WHAT IS BEING ASKED: Give back the lines below exactly, but do not include any pictures.

-- DATA follows --

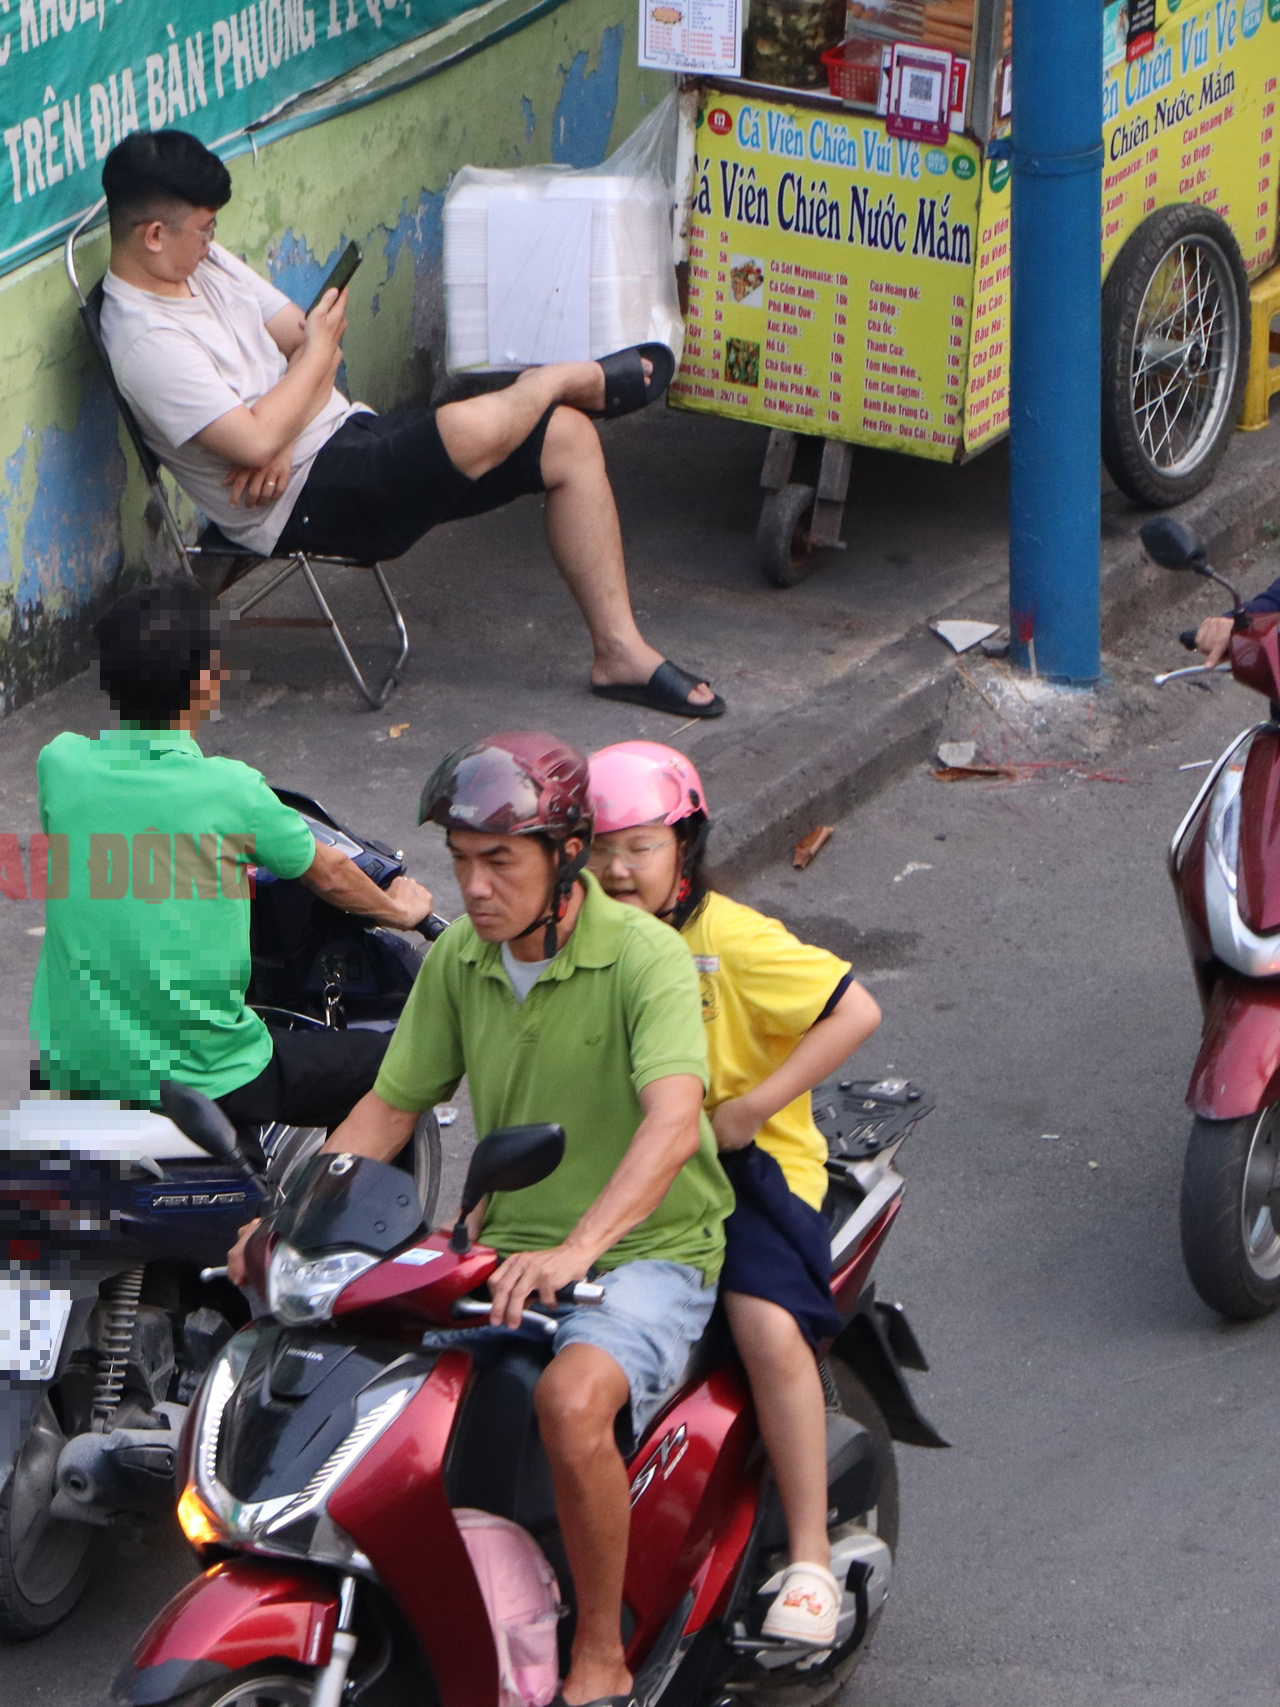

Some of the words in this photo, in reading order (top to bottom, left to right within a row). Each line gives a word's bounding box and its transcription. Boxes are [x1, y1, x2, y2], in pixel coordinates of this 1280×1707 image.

[1181, 11, 1210, 73] Vui
[4, 85, 85, 204] TRÊN
[146, 24, 208, 131] BÀN
[1110, 115, 1149, 161] Chiên
[1154, 89, 1195, 135] Nước
[1199, 62, 1235, 111] Mắm
[738, 106, 761, 150] Cá
[767, 110, 804, 157] Viên
[810, 119, 857, 167] Chiên
[864, 129, 891, 173] Vui
[1146, 147, 1159, 164] 10k
[720, 160, 770, 227] Viên
[777, 172, 841, 241] Chiên
[848, 185, 907, 252] Nước
[912, 194, 971, 264] Mắm
[720, 232, 729, 243] 5k
[720, 251, 728, 263] 5k
[718, 271, 726, 283] 5k
[836, 274, 848, 286] 10k
[836, 293, 848, 306] 10k
[953, 295, 965, 307] 10k
[834, 313, 847, 326] 10k
[951, 315, 964, 327] 10k
[832, 333, 845, 345] 10k
[950, 335, 962, 347] 10k
[831, 352, 843, 365] 10k
[948, 354, 960, 366] 10k
[829, 371, 842, 384] 10k
[947, 374, 959, 387] 10k
[829, 390, 841, 403] 10k
[945, 394, 958, 406] 10k
[828, 410, 840, 423] 10k
[943, 413, 956, 425] 10k

-- DATA concluded --

RESULT FOR THIS EXERCISE:
Some of the words in this photo, in reading order (top to bottom, left to right within a row). Each line gives a word's bounding box and its transcription. Boxes are [x1, y1, x2, y2], in pixel coordinates of this 1280×1707 image.

[1181, 11, 1210, 73] Vui
[4, 85, 85, 204] TRÊN
[146, 24, 208, 131] BÀN
[1110, 115, 1149, 161] Chiên
[1154, 89, 1195, 135] Nước
[1199, 62, 1235, 111] Mắm
[738, 106, 761, 150] Cá
[767, 110, 804, 157] Viên
[810, 119, 857, 167] Chiên
[864, 129, 891, 173] Vui
[1146, 147, 1159, 164] 10k
[720, 160, 770, 227] Viên
[777, 172, 841, 241] Chiên
[848, 185, 907, 252] Nước
[912, 194, 971, 264] Mắm
[720, 232, 729, 243] 5k
[720, 251, 728, 263] 5k
[718, 271, 726, 283] 5k
[836, 274, 848, 286] 10k
[836, 293, 848, 306] 10k
[953, 295, 965, 307] 10k
[834, 313, 847, 326] 10k
[951, 315, 964, 327] 10k
[832, 333, 845, 345] 10k
[950, 335, 962, 347] 10k
[831, 352, 843, 365] 10k
[948, 354, 960, 366] 10k
[829, 371, 842, 384] 10k
[947, 374, 959, 387] 10k
[829, 390, 841, 403] 10k
[945, 394, 958, 406] 10k
[828, 410, 840, 423] 10k
[943, 413, 956, 425] 10k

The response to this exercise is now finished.